I was lucky to be given the opportunity to go stay with the Tuckers, a farming family in Chateaubelair. Chateaubelair is located on the Leeward side of the island, the complete opposite end of island and is roughly an hour drive away from Prospect where I am staying. The Tuckers grow a variety of crops and are currently experimenting with tabasco peppers and cocoa to determine whether the yield will be profitable for export. They are the largest pineapple farmers on the island and also raise a litter of around 40 pigs, all crops and livestock which are sold within the local market and shipped over to the Grenadines (after my visit, I actually ran into them at the port while they unloading their truck of pineapples and star fruit to be put on the ferry and sent to a couple of different Grenadine islands.
Mrs. Tucker is a farmer’s counterpart for Eastern Caribbean Trading and Agriculture Development (ECTAD) for that part of the island. The objective the farmer’s counterpart program is to seek out trained farmers in strategic geographical areas and then enable and encourage them to provide support and extension services to other farmers within their clusters. The organization provides stipends and travelling allowances while they work their farms.
During the tourist season(November-April) here, I was told the Tuckers they are unable to produce enough pineapples to sell.
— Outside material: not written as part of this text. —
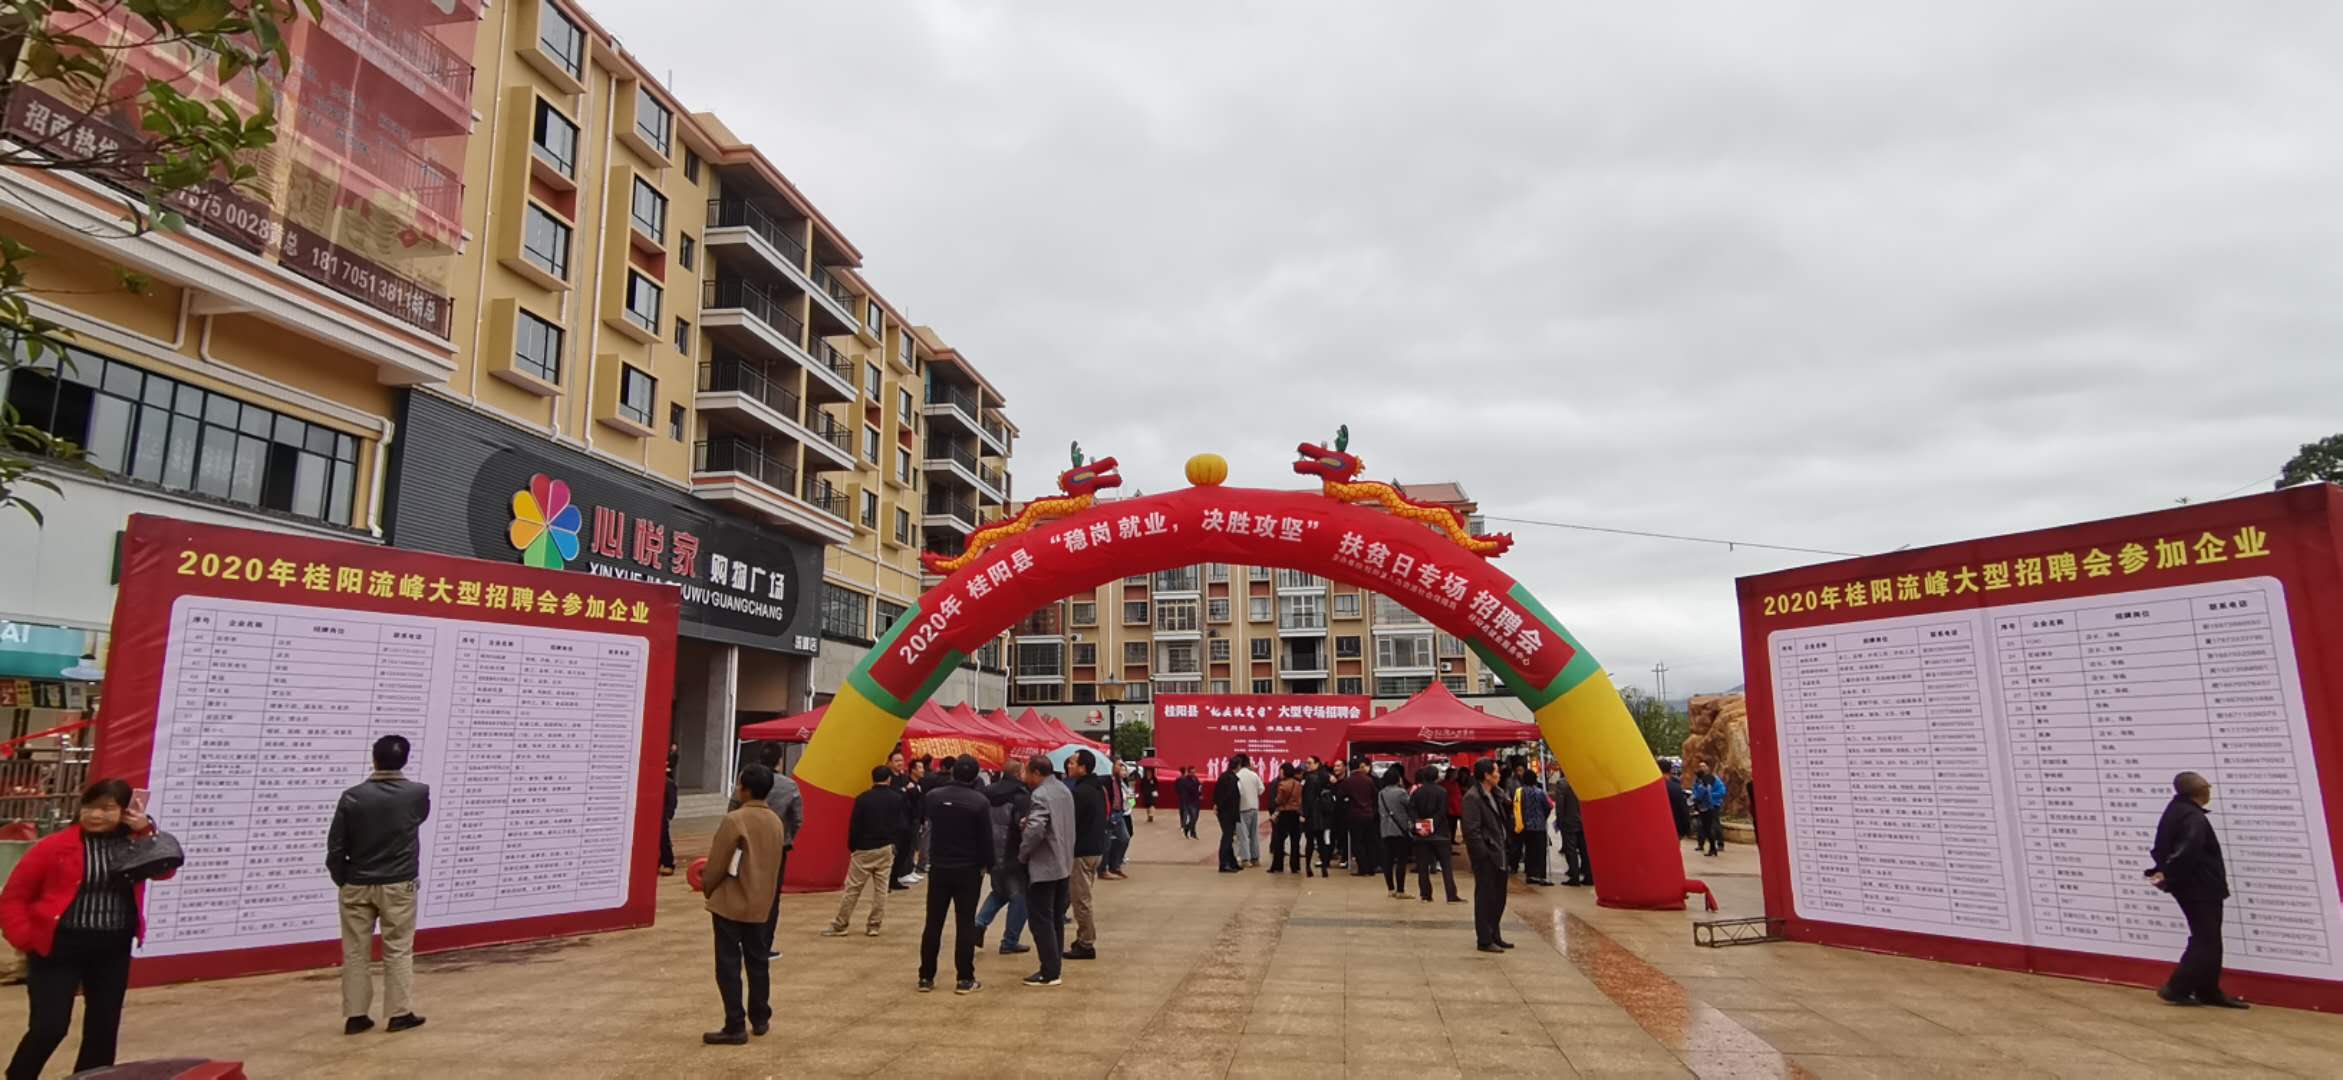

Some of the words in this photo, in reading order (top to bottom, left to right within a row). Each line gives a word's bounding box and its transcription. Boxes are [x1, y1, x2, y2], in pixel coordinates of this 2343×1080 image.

As a result they try and time the larger harvests for this time of the year and are able to this through inducing pineapples with a chemical. During the other parts of the year, finding a market for their pineapples can be difficult, and sometimes must resort to selling them for 5$ Eastern Caribbean Dollar for a small pineapple and 10$ for a large. This results in much lower margins profitability then selling by the pound. Generally, they can find a market for their pork, but at times this too can prove to be difficult. As I’ve heard many times before the biggest challenge they run into is finding a market for their produce.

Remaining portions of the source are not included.